Jadi karena kebiasaan itu, Dax selalu menelpon teman-temannya untuk menghentikan aksi gilanya.
Mata Dax yang tadinya tertutup tiba-tiba terbuka dan berdiri dengan tatapan tajam. Ketiga temannya yang melihat itu sontak saja kaget.
"Dax! Apa kau sadar! Dax!" ucap Ziu yang mencoba berkomunikasi dengan Dax yang ia harap kepribadian aslinya tidak keluar.
"BAJINGAN! MENJAUHLAH DARI OLIDIA!" teriak Dax yang tiba-tiba berlari dan menendang salah satu pelanggan di klub itu.
Gino menepuk-nepuk bahu Leo guna menyelamatkan orang itu sebelum berakhir di rumah sakit. "Leo, ayo lakukan sesuatu!"
"Kenapa dia selalu seperti ini?!" tanya Leo yang heran, Ziu juga Gino menatapnya sinis.

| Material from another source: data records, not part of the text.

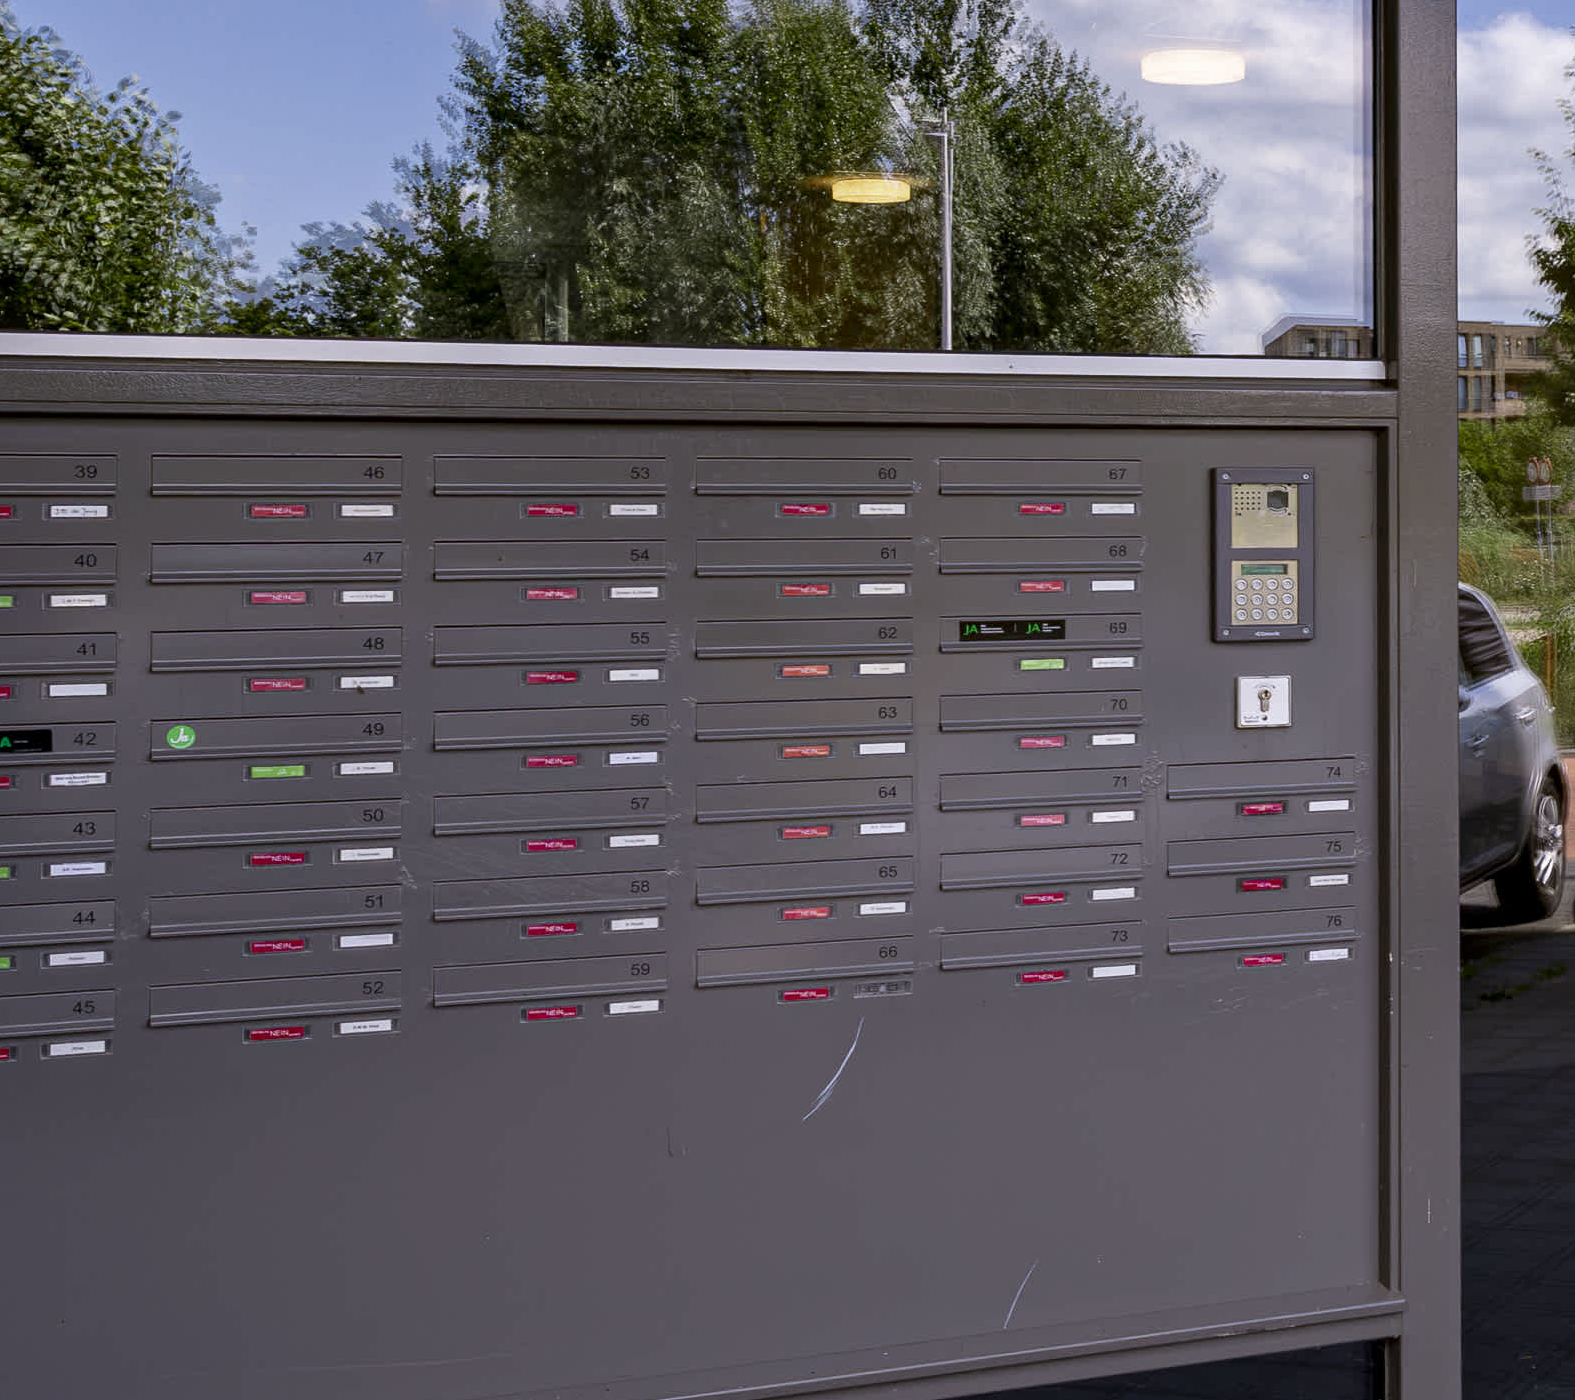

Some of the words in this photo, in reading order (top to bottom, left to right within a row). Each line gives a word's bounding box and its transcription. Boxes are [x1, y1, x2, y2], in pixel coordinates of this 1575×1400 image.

[74, 464, 98, 479] 39
[363, 466, 385, 480] 46
[630, 466, 650, 480] 53
[878, 467, 897, 480] 60
[1108, 468, 1127, 480] 67
[362, 551, 384, 564] 47
[630, 549, 650, 562] 54
[880, 547, 897, 560] 61
[1108, 544, 1127, 558] 68
[74, 553, 98, 568] 40
[878, 626, 898, 640] 62
[963, 623, 978, 635] JA
[1025, 622, 1040, 634] JA
[1109, 621, 1127, 634] 69
[362, 637, 385, 650] 48
[630, 631, 650, 645] 55
[76, 642, 96, 656] 41
[1110, 698, 1128, 711] 70
[878, 706, 898, 720] 63
[630, 713, 650, 728] 56
[170, 727, 188, 743] Ja
[362, 722, 385, 736] 49
[73, 732, 97, 746] 42
[1326, 766, 1342, 778] 74
[1112, 775, 1128, 788] 71
[878, 786, 897, 799] 64
[630, 797, 650, 811] 57
[362, 808, 384, 823] 50
[72, 821, 96, 836] 43
[1325, 840, 1342, 853] 75
[1110, 853, 1129, 865] 72
[878, 865, 898, 879] 65
[630, 880, 650, 894] 58
[364, 894, 383, 909] 51
[72, 910, 96, 925] 44
[1327, 914, 1342, 928] 76
[1112, 930, 1129, 943] 73
[878, 945, 898, 959] 66
[630, 962, 651, 976] 59
[362, 981, 384, 995] 52
[72, 1000, 95, 1015] 45

Mereka tidak pernah bicara, namun tingkahnya cukup mirip dengan Dax hanya saja Leo tidak suka terlalu banyak minum alkohol, mereka berdua bahkan tidak bisa bayangkan jika keduanya mabuk berdua, dan mereka sama sekali tidak bisa menghentikannya entah apa yang terjadi.
Pukulan membabi buta Dax berikan, membuat semua orang yang melihat itu berteriak.

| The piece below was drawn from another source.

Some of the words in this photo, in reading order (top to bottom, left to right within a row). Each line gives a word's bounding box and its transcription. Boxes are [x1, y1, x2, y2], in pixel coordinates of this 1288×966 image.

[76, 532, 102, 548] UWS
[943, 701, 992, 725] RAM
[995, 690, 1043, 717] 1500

"KALIAN PARA BAJINGAN! KALIAN SELALU MEMBUAT WANITA ITU MENJAUH DARIKU, DASAR BRENGSEK!" ucap Dax penuh emosi.
Bugh! Sebuah pukulan balok tongkat besi Membuat semua orang melongo.
Brak! Tubuh Dax tumbang karena terkena benda keras itu, kedua temannya menatap tak percaya, namun Dax memang tidak bisa di ajak bicara jika sedang dalam pengaruh alkohol.

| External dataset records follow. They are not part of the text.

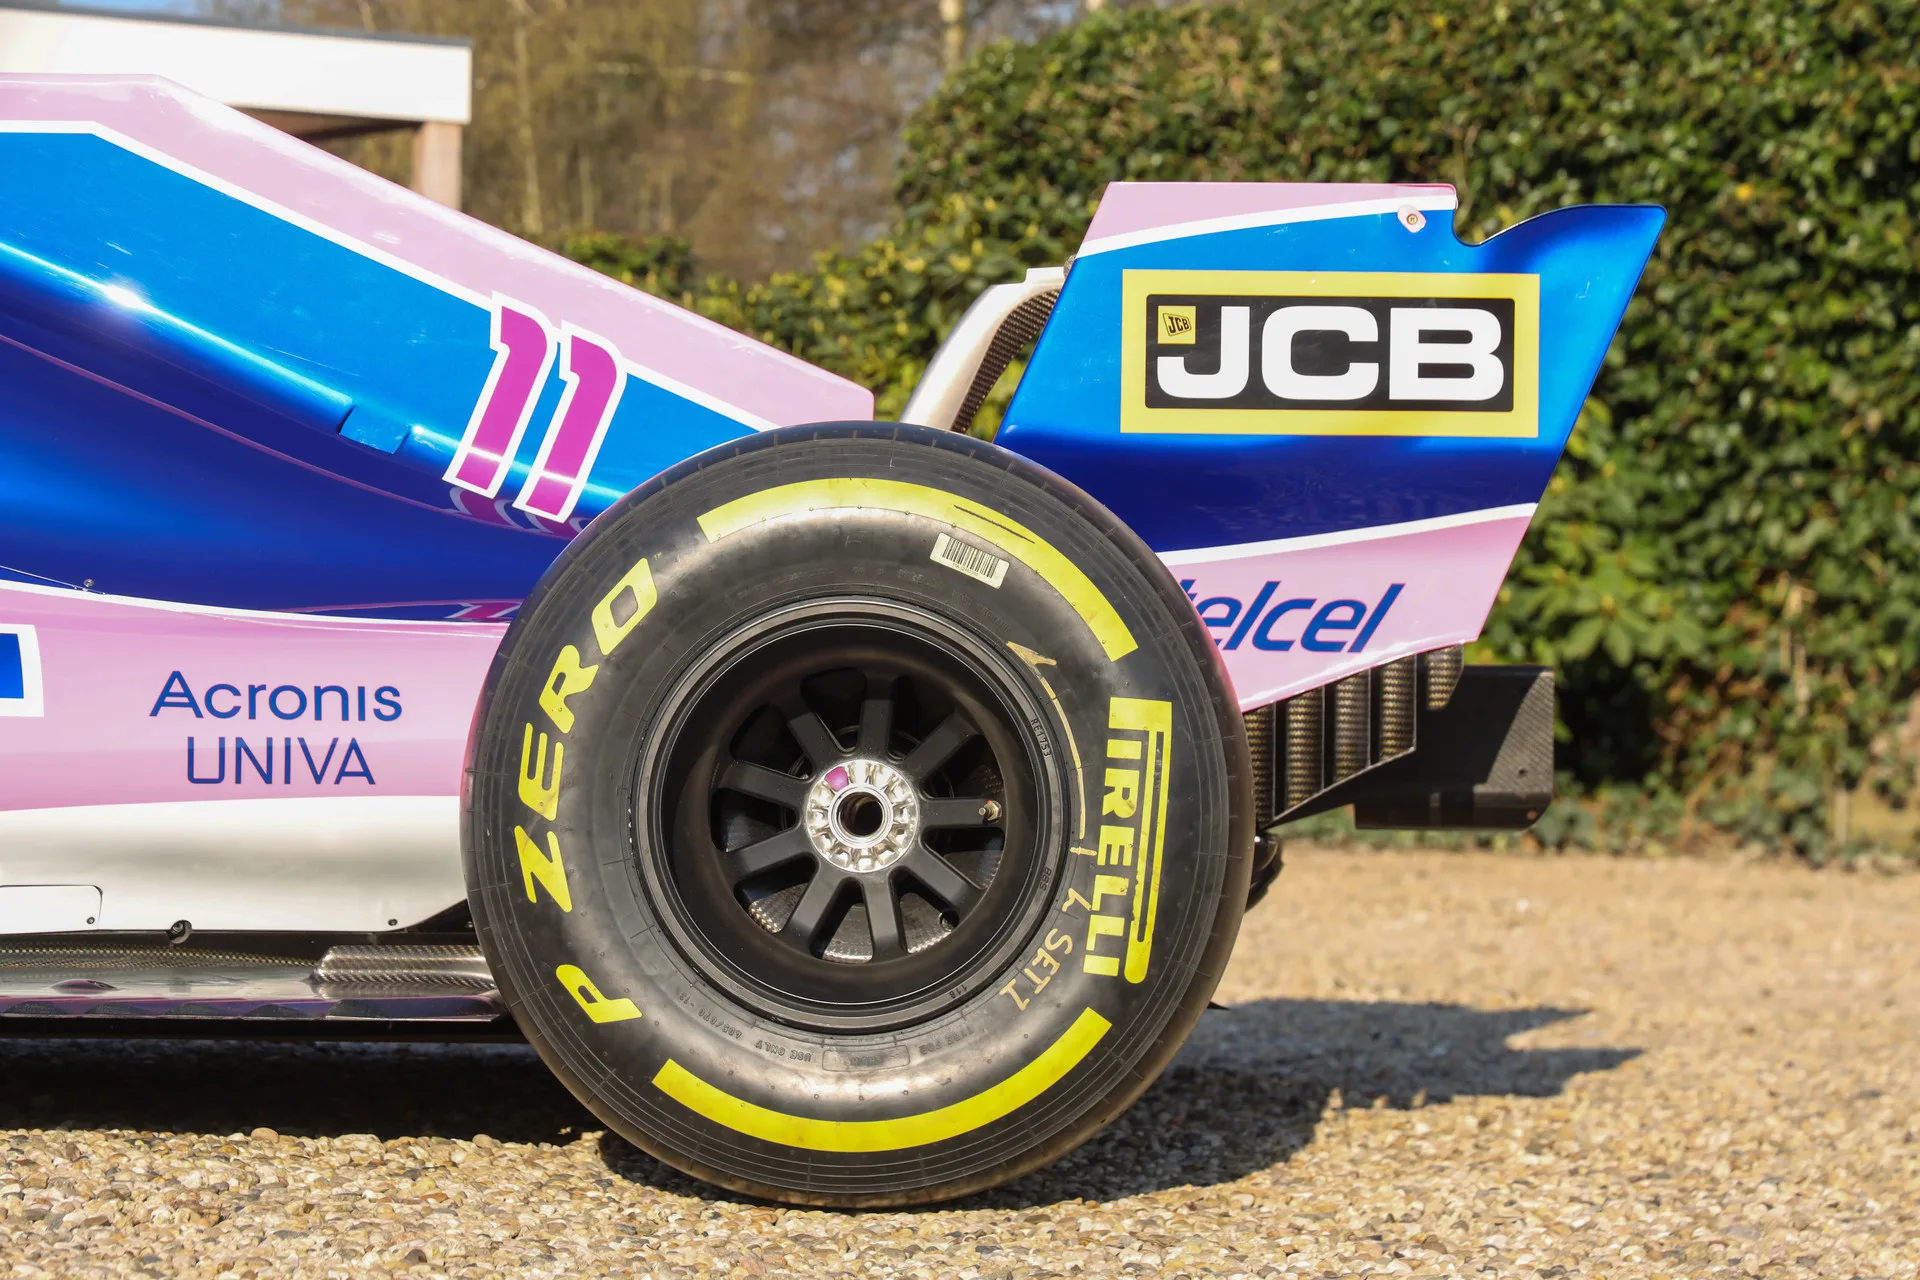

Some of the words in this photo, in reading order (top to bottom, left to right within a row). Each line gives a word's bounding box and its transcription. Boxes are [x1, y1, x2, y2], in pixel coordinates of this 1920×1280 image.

[1168, 316, 1189, 333] JCB
[1157, 305, 1504, 401] JCB
[446, 294, 624, 521] 11
[149, 670, 403, 722] Acronis
[187, 737, 376, 785] UNIVA
[514, 557, 658, 913] ZERO
[1031, 718, 1052, 757] RE1753
[1082, 697, 1172, 984] PIRELLI
[556, 964, 643, 1024] P
[755, 1039, 786, 1056] ONLY
[790, 1049, 812, 1062] USE

Satu-satunya yang membuat dia berhenti melakukan aksi gila ya dengan cara membuat pria itu pingsan.
Leo membungkuk. "Maaf atas keributannya, temanku terlalu mabuk, aku akan bayar ganti ruginya!"
Leo membopong tubuh Dax seperti memanggul sekarung beras, akhirnya mereka pergi dari sana meninggal kekacauan yang Dax buat.
Ketiganya berjalan menuju mobil dan memasukan Dax ke bagasi seakan pria itu bukan manusia, lalu menutupnya.
"Aku rasa anak itu harus di buang saja ke sungai."
"Tidak, kelaut saja, itu tidak akan berbau busuk."
"Mutilasi Saja, lalu kasih makan anjing kita," balas Leo yang membuat keduanya mengangguk setuju.
Walau sirkel mereka agak gila, namun mereka saling peduli dan tolong menolong saat salah satunya kesusahan, entah berapa tahun pertemanan keempat sekawan itu, namun dalam segala hal mereka selalu semena-mena.